═══ EXERCISE MATERIALS ═══

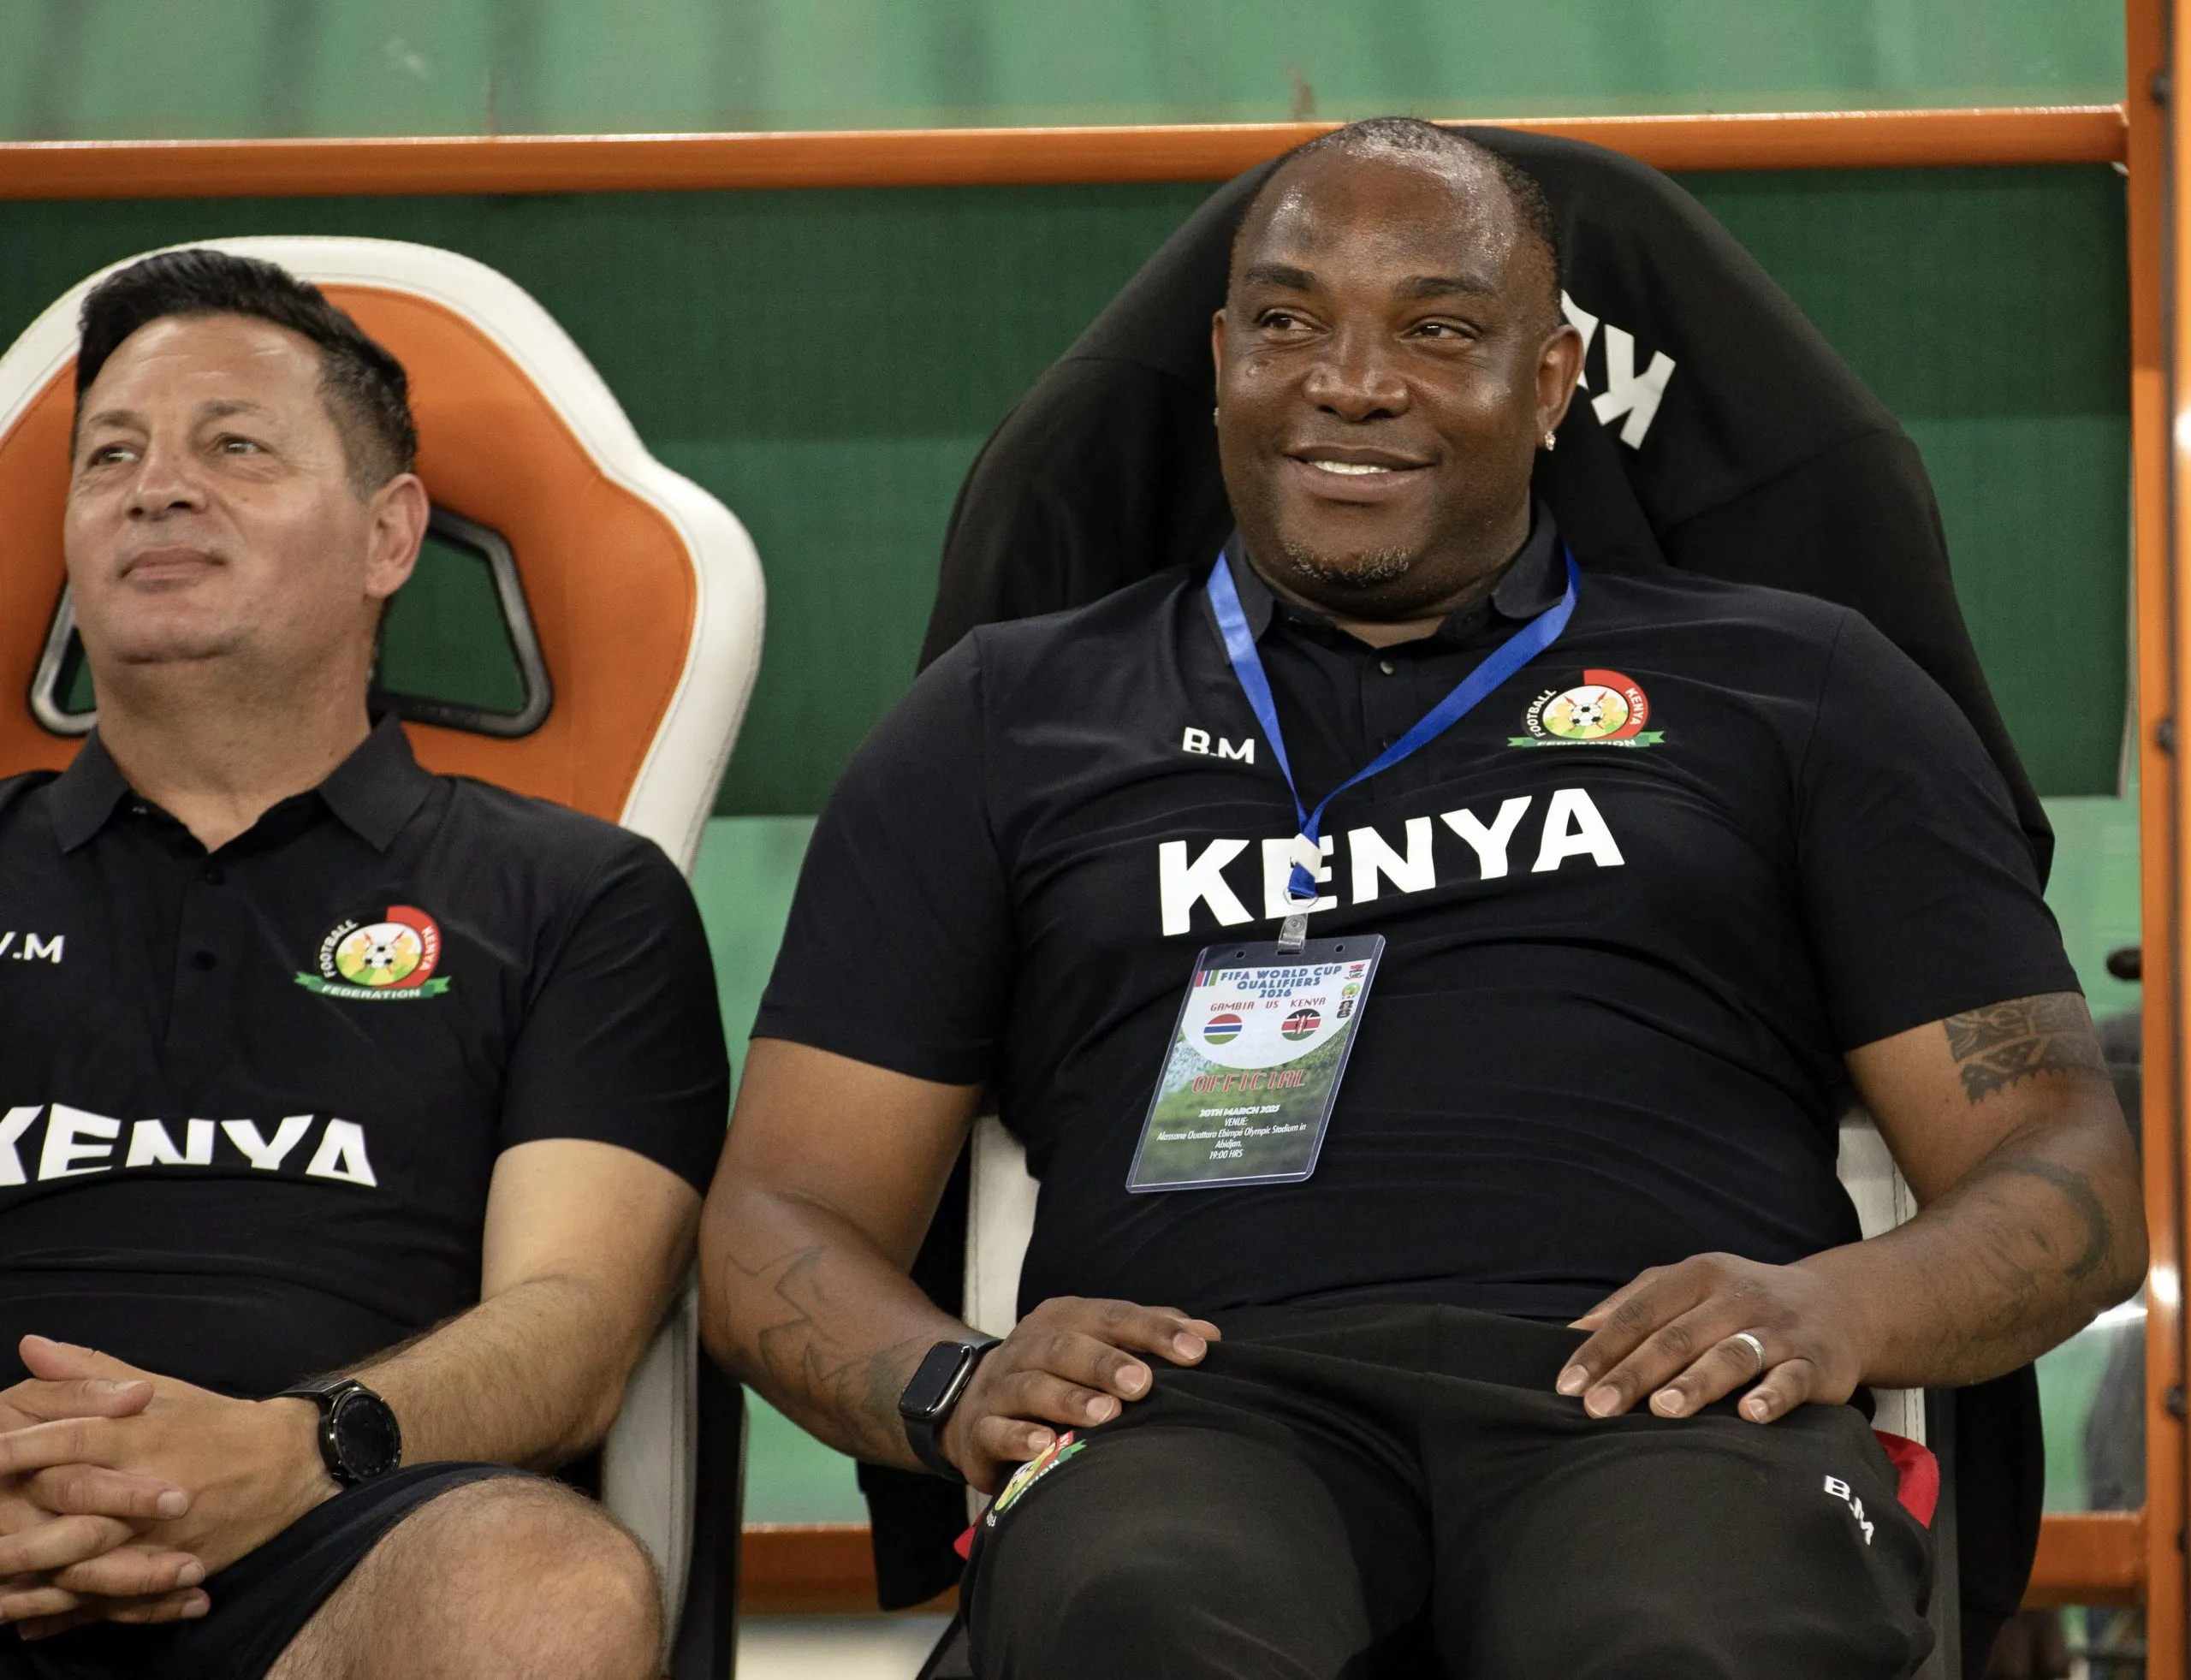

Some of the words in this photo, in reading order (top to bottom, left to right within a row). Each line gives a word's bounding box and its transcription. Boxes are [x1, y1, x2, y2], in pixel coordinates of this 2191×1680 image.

[1527, 688, 1558, 737] FOOTBALL
[1625, 687, 1644, 725] KENYA
[1183, 727, 1255, 764] B.M
[1159, 788, 1624, 936] KENYA
[319, 918, 359, 978] FOOTBALL
[419, 926, 437, 971] KENYA
[1220, 971, 1250, 982] FIFA
[1257, 968, 1308, 980] WORLD
[1314, 965, 1342, 977] CUP
[322, 984, 421, 1000] FEDERATION
[1237, 977, 1321, 990] QUALIFIERS
[1259, 988, 1292, 999] 2026
[1210, 1001, 1255, 1012] GAMBIA
[1290, 997, 1327, 1007] KENYA
[1192, 1069, 1306, 1093] OFFICIAL
[1224, 1107, 1260, 1117] MARCH
[1260, 1104, 1280, 1114] 2025
[1225, 1117, 1249, 1127] VENUE:
[1156, 1131, 1187, 1142] Alassane
[1188, 1129, 1218, 1140] Ouattara
[1244, 1125, 1270, 1137] Olympic
[1272, 1124, 1298, 1134] Stadium
[1209, 1150, 1228, 1160] 19:00
[1228, 1149, 1244, 1159] HRS
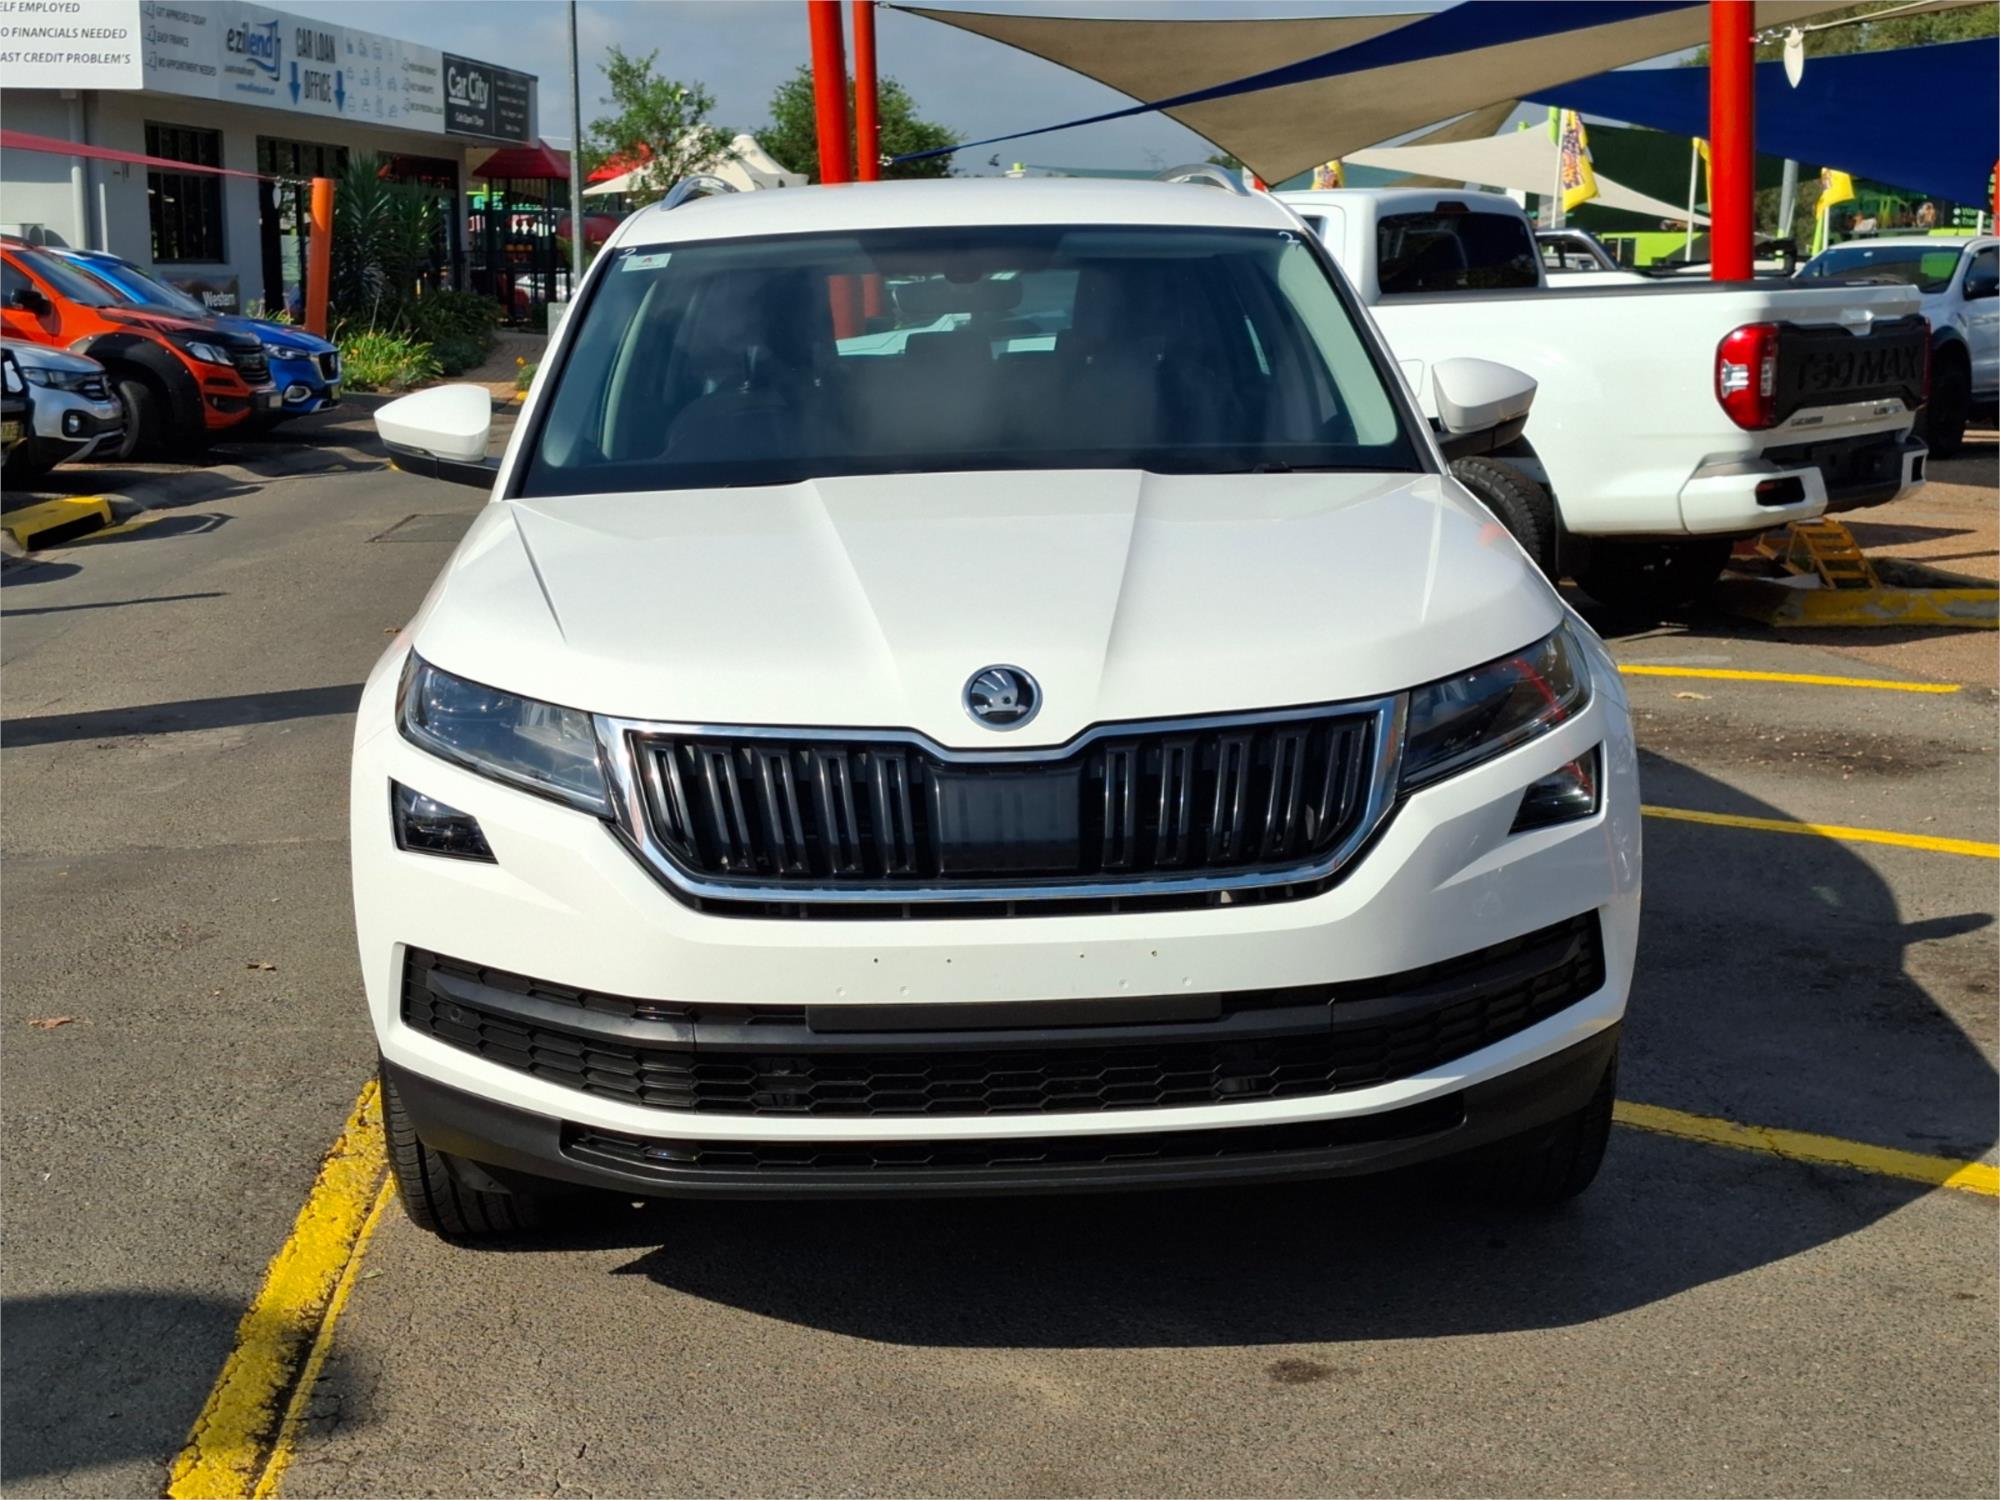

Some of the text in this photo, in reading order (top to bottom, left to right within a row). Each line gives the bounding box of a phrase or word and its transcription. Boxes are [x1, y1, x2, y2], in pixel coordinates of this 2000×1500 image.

[18, 2, 80, 13] EMPLOYED
[11, 27, 79, 38] FINANCIALS
[81, 28, 128, 39] NEEDED
[296, 27, 336, 64] CAR LOAN
[23, 52, 65, 63] CREDIT
[66, 53, 131, 64] PROBLEM'S
[304, 69, 332, 103] OFFICE
[447, 66, 489, 110] Car City

═══

Copy out the line containing "Some of the text", then every line after it through the end of the listing, exactly and with nothing else.

■ RESULT FOR THIS EXERCISE
Some of the text in this photo, in reading order (top to bottom, left to right within a row). Each line gives the bounding box of a phrase or word and its transcription. Boxes are [x1, y1, x2, y2], in pixel coordinates of this 2000×1500 image.

[18, 2, 80, 13] EMPLOYED
[11, 27, 79, 38] FINANCIALS
[81, 28, 128, 39] NEEDED
[296, 27, 336, 64] CAR LOAN
[23, 52, 65, 63] CREDIT
[66, 53, 131, 64] PROBLEM'S
[304, 69, 332, 103] OFFICE
[447, 66, 489, 110] Car City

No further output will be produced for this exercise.